I have 2 java moss, a moneywort and a cabomba--carolina (just identified thanks to the forums!) growing along with a couple of pieces of dead coral and some nice beard algae that I picked up. I'll put up some pictures later. The eating thing would explain it away, I suppose, except that I would think at some point with all those females I"d have seen at least one fry moving around somewhere before he got scarfed. The fish are kept pretty well fed (flakes once per day, dried tubifex once a week and dried seaweed once a week) I think, so I wouldn't think they'd go after the fry as soon as they drop?

Aside from not having seen a single one, though, I haven't seen any gravid spots since I brought known pregnant fish home from the store. I accept that a good portion of store wrought pregnancies won't come to term due to the stress of the move and the new environment but I'm really starting to wonder about this aquarium...


----------



## Damon (Jan 18, 2005)

If there are no safe places for your females to release their fry, they wont until the last possible moment. They have to feel safe to have fry.


----------



## Dabaers (Sep 3, 2006)

Isnt the gestation for platys about 8 weeks? Or is that just mollies?

Kath


----------



## JamesB (Sep 6, 2006)

Had read that gestation for the first batch released by a female could take 6 weeks and that after that they're normally 4-5.. but then, I wasn't really reading for breeding information at the time. I just figured that after two months I'd have seen something.

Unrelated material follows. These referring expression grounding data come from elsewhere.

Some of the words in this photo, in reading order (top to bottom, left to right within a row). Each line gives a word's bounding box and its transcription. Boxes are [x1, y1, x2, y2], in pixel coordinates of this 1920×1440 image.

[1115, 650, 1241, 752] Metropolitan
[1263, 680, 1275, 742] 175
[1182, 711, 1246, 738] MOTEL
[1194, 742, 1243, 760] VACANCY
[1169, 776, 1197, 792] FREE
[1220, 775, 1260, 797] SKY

In terms of the fish feeling safe, I suppose no one but the fish can tell us that. There is plenty of cover in the aquarium as it sits, though I have rearranged a few things the past couple of weeks trying to maintain cover and foilage without sacrificing swimming room. I did have to wind up pulling the artificial cave and replace it with another smaller piece of dead coral to form a new little nook for hiding in due to space considerations... and color schemes, but that was done just yesterday.

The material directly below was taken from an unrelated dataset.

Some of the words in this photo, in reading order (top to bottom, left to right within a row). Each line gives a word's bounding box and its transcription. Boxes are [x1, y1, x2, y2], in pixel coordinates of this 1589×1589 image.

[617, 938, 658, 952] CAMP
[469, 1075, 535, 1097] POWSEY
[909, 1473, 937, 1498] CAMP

I suppose I'll just keep them alive and happy for a couple more months, if I don't see anything by then I suppose I'll know for sure that something's wrong.

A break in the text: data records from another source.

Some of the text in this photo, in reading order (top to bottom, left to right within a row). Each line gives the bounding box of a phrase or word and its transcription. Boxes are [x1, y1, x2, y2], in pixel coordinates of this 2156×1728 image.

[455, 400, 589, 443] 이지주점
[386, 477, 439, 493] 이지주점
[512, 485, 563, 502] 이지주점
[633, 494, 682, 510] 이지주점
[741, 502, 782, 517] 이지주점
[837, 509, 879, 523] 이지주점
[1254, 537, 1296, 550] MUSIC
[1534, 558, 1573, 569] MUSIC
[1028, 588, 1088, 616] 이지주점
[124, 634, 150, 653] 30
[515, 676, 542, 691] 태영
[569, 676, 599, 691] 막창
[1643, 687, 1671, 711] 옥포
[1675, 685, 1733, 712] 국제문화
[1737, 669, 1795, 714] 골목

This brings up another question, what does mating behavoir actually look like? I've observed the aquarium pretty much all hours of the day and night and I have yet to see anything other than what I would describe as courtship behavior. I don't think any of the females get harassed per say, but I have seen kind of a follow the leader type game between a male and female a few times, but it never ended in anything that would allow for copulation that I could see... Is it a pretty instant process or is there some visible 'action' that occurs?


----------